ARLINGTON, VA – November 16, 2012 – The Food Marketing Institute (FMI) today reiterated its strong support for bringing “common sense” back to Washington by excluding mainstream grocery stores from “Nutrition Labeling of Standard Menu Items at Chain Restaurants,” a provision under the Affordable Care Act. FMI supports Reps. John Carter (R-TX) and Henry Cuellar (D-TX) and Senator Roy Blunt (R-MO) who have introduced legislation that would return the scope of the law to what was originally intended by Congress – which never mentioned grocery stores.
The food retail industry wishes to fulfill the law without unnecessarily capturing grocery stores, where the vast majority of foods are already labeled with nutrition information. FMI asserts:
- Fact #1: The menu labeling law did not direct FDA to regulate supermarkets and the agency acknowledges this.

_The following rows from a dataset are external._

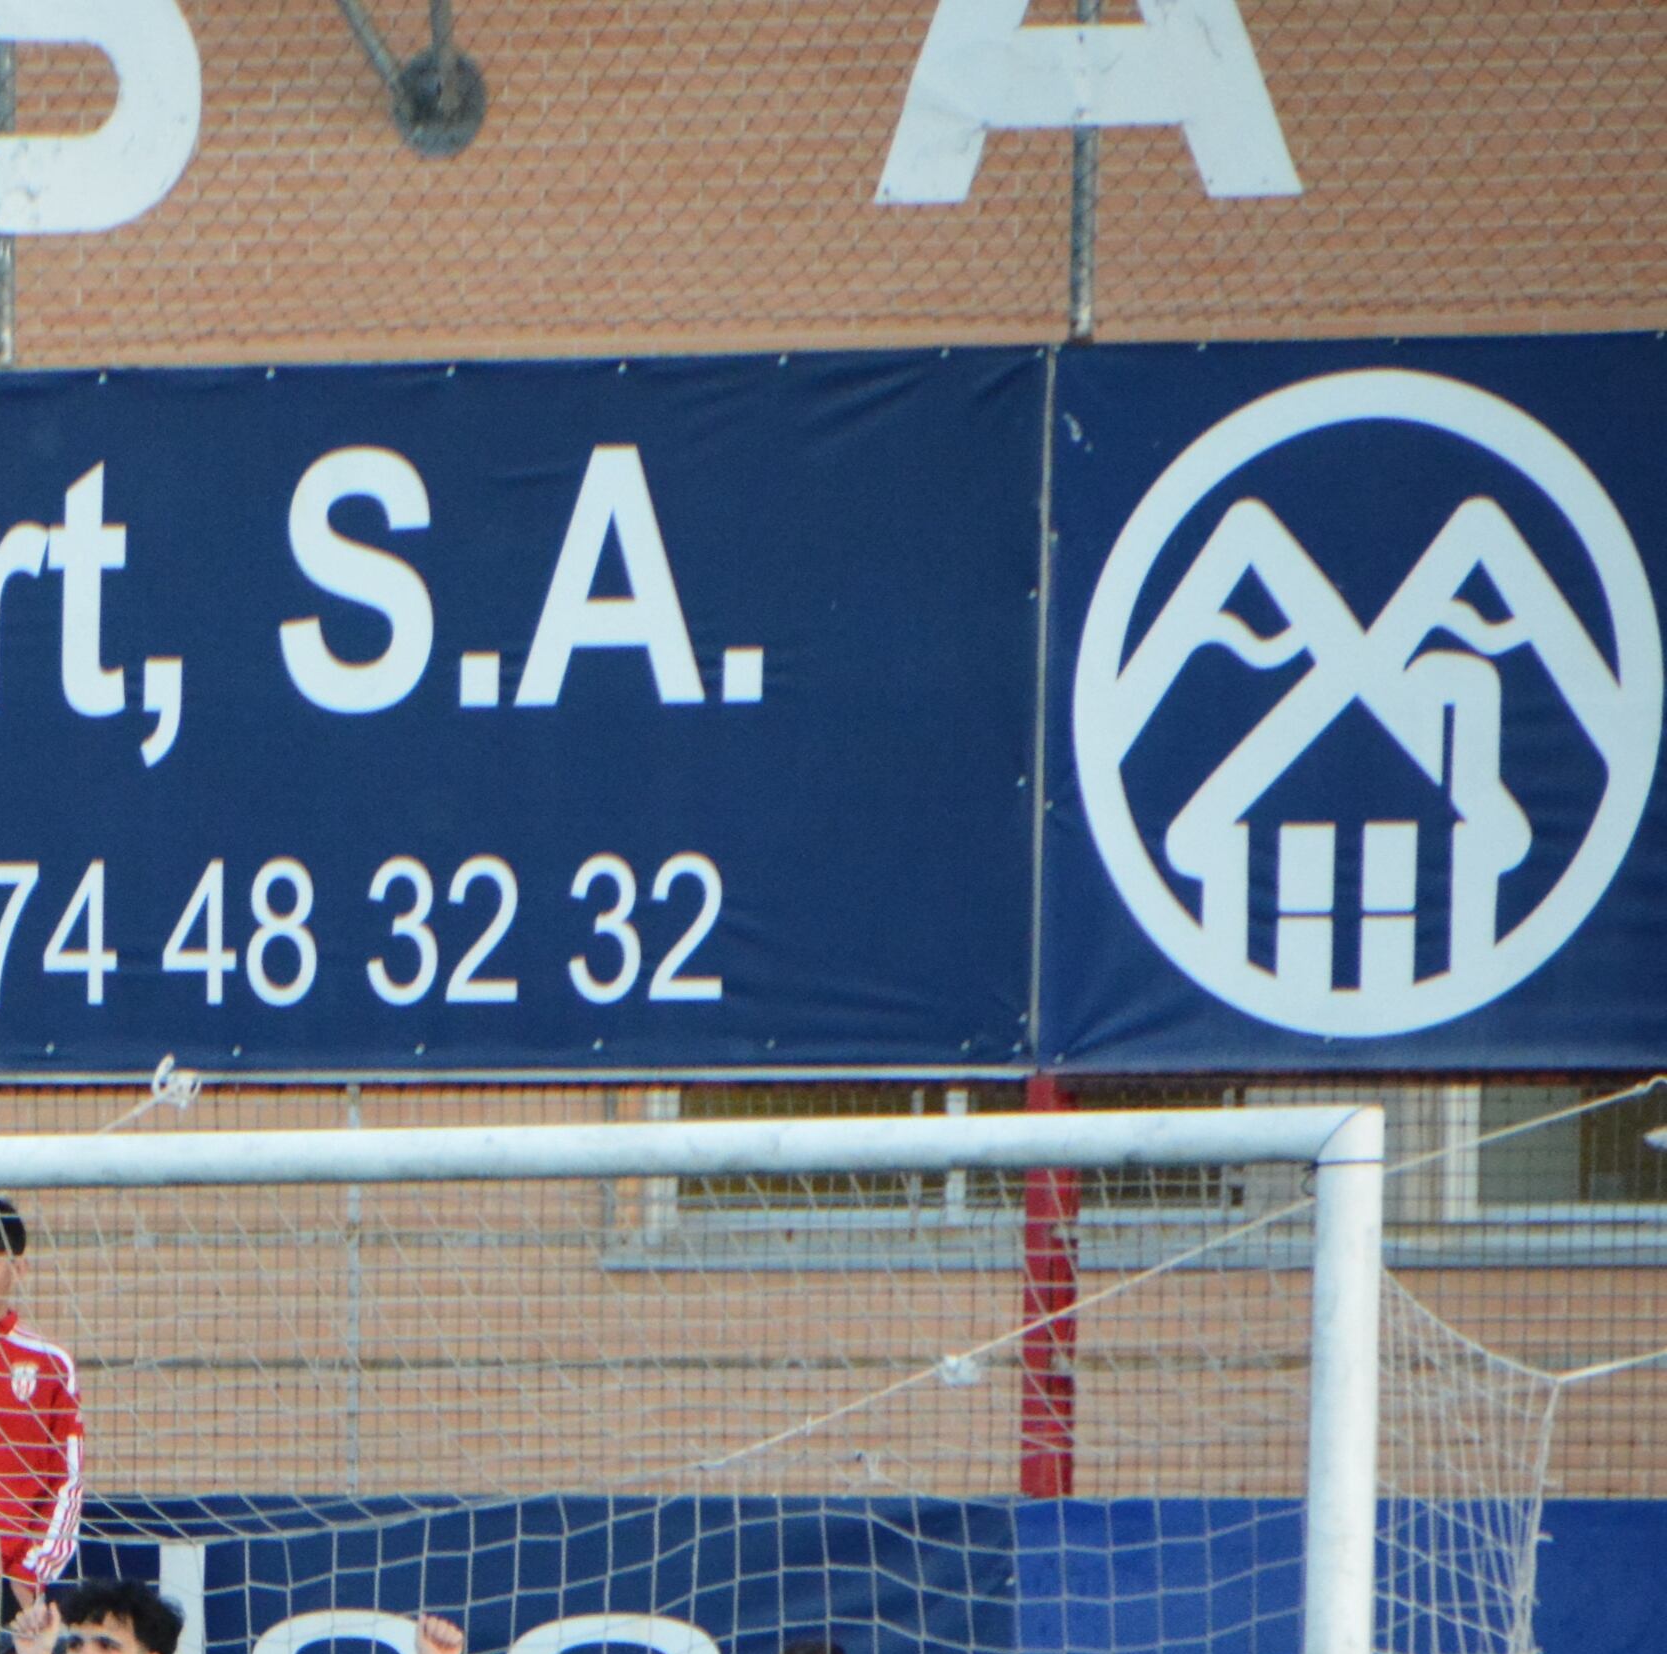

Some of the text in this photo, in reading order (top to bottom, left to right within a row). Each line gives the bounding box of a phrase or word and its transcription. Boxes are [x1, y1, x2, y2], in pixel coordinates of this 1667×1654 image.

[278, 443, 765, 713] S.A.
[161, 856, 318, 1006] 48
[366, 854, 519, 1005] 32
[568, 851, 723, 1003] 32
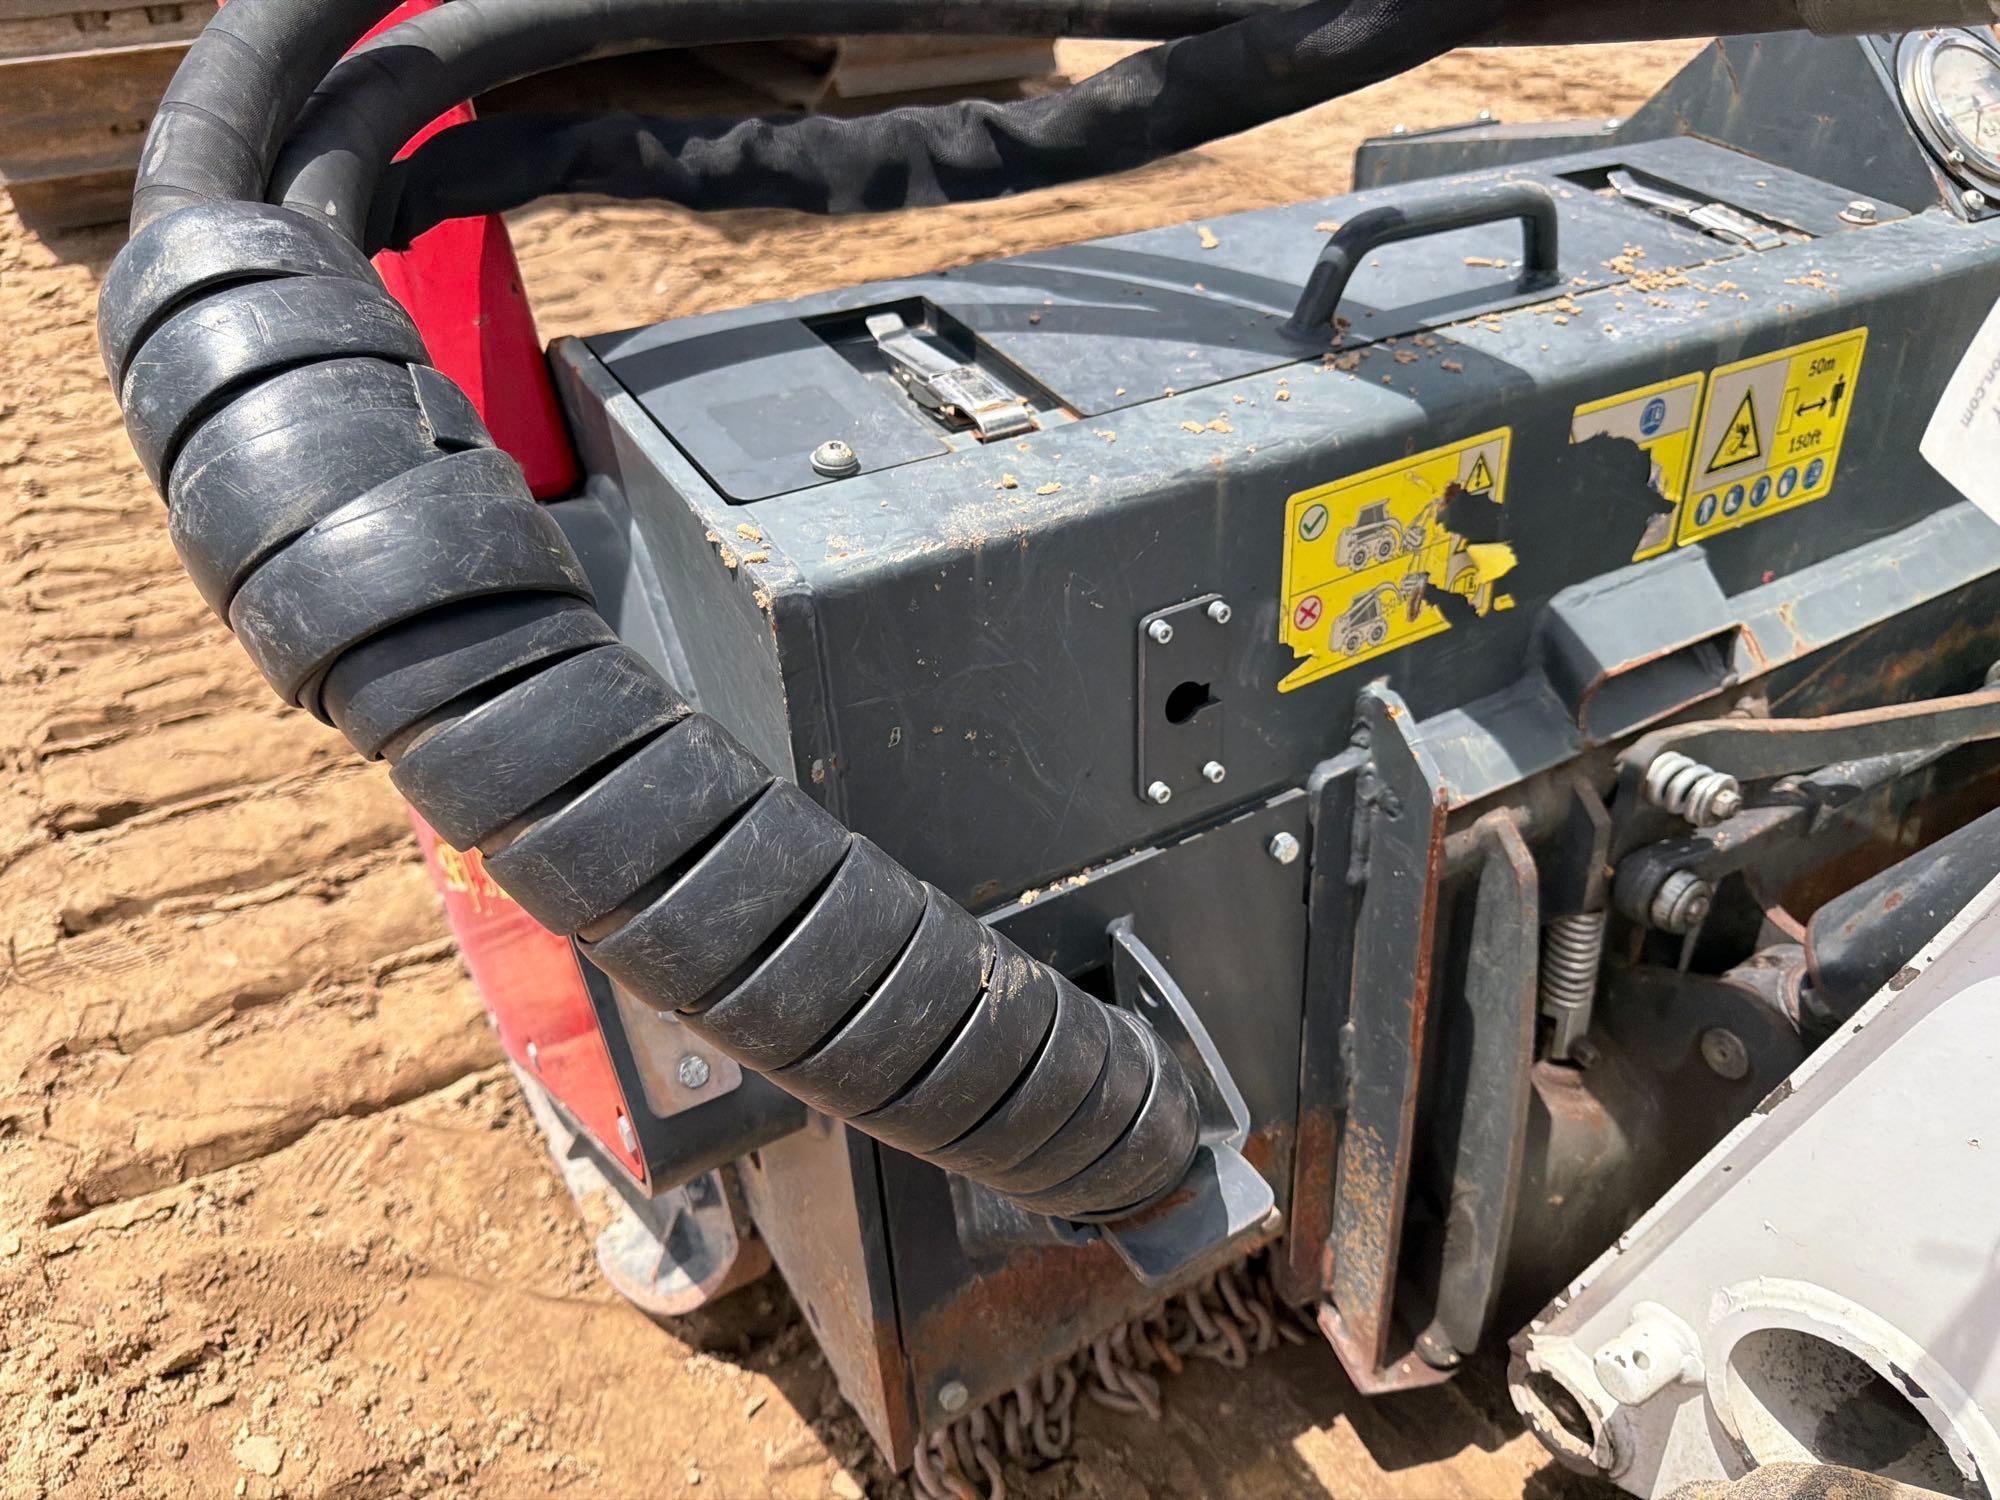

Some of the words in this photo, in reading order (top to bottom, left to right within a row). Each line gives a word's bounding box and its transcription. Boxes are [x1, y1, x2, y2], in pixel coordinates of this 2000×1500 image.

[1808, 357, 1836, 377] 50m
[1960, 350, 2000, 428] on.com
[1788, 428, 1822, 454] 150ft
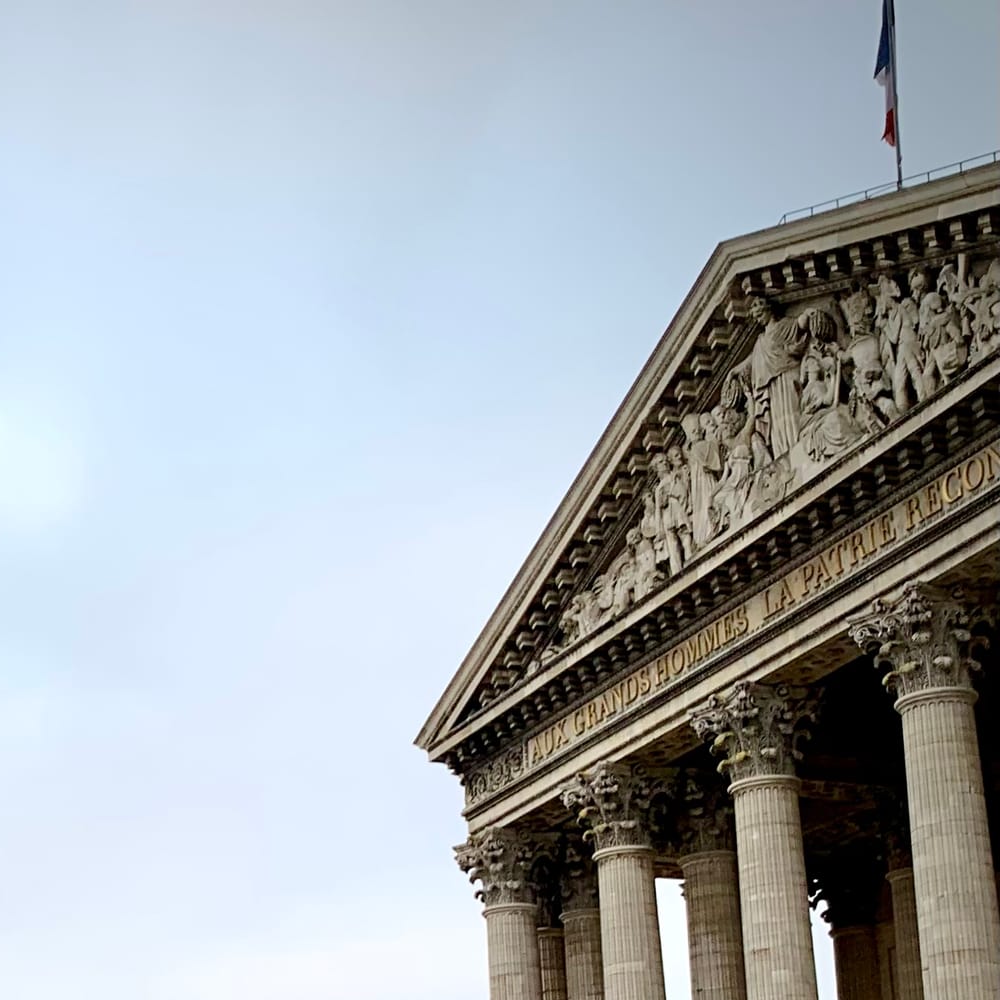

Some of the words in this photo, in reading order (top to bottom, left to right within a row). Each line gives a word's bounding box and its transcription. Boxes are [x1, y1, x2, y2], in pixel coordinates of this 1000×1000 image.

[531, 718, 569, 764] AUX
[572, 667, 651, 737] GRANDS
[654, 604, 749, 687] HOMMES
[763, 579, 796, 621] LA
[801, 510, 897, 597] PATRIE

- Fact #2: 95% of Food Items Sold at Grocery Stores Already Display Nutrition Labeling. Nutrition labeling already appears on pre-packaged foods and raw meat and poultry.
- Fact #3: Initial compliance costs of menu labeling for grocery stores will exceed $1 billion, including nutrition analysis of each item, developing corresponding menu boards and signs, store-level training, and recordkeeping.
- Fact #4: Office of Management and Budget has listed menu labeling as the third largest new regulatory burden of FY 2011. OMB estimates a burden increase of 14.5 million hours and $69.8 million for recordkeeping alone.
- Fact #5: No state or city has lumped grocery stores into restaurant menu labeling laws.